Could you copy every entry exactly, dropping the pictures?

**Records to process:**
__________

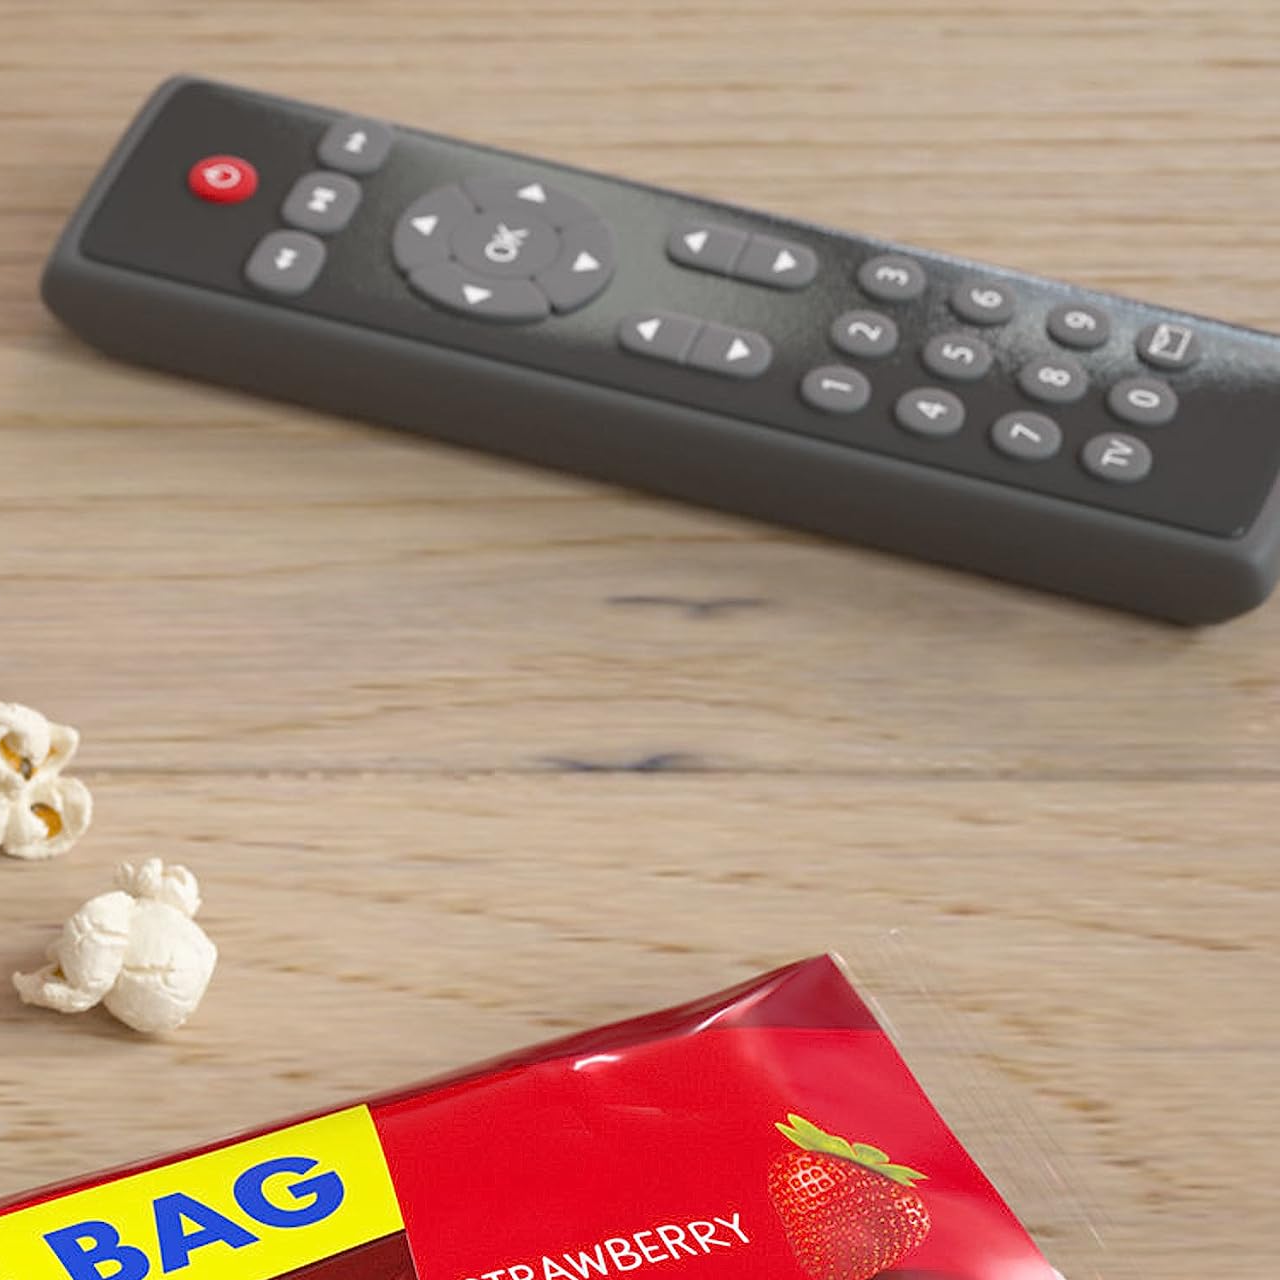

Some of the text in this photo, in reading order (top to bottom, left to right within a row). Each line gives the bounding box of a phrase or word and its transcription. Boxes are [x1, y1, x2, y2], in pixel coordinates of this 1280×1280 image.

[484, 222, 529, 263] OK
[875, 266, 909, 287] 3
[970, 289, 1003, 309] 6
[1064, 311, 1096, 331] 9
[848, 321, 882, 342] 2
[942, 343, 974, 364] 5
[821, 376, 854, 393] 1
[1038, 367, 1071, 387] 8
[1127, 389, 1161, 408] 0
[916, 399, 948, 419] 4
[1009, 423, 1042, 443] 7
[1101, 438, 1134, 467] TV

__________

**Task solution:**
Some of the text in this photo, in reading order (top to bottom, left to right within a row). Each line gives the bounding box of a phrase or word and its transcription. Boxes are [x1, y1, x2, y2], in pixel coordinates of this 1280×1280 image.

[484, 222, 529, 263] OK
[875, 266, 909, 287] 3
[970, 289, 1003, 309] 6
[1064, 311, 1096, 331] 9
[848, 321, 882, 342] 2
[942, 343, 974, 364] 5
[821, 376, 854, 393] 1
[1038, 367, 1071, 387] 8
[1127, 389, 1161, 408] 0
[916, 399, 948, 419] 4
[1009, 423, 1042, 443] 7
[1101, 438, 1134, 467] TV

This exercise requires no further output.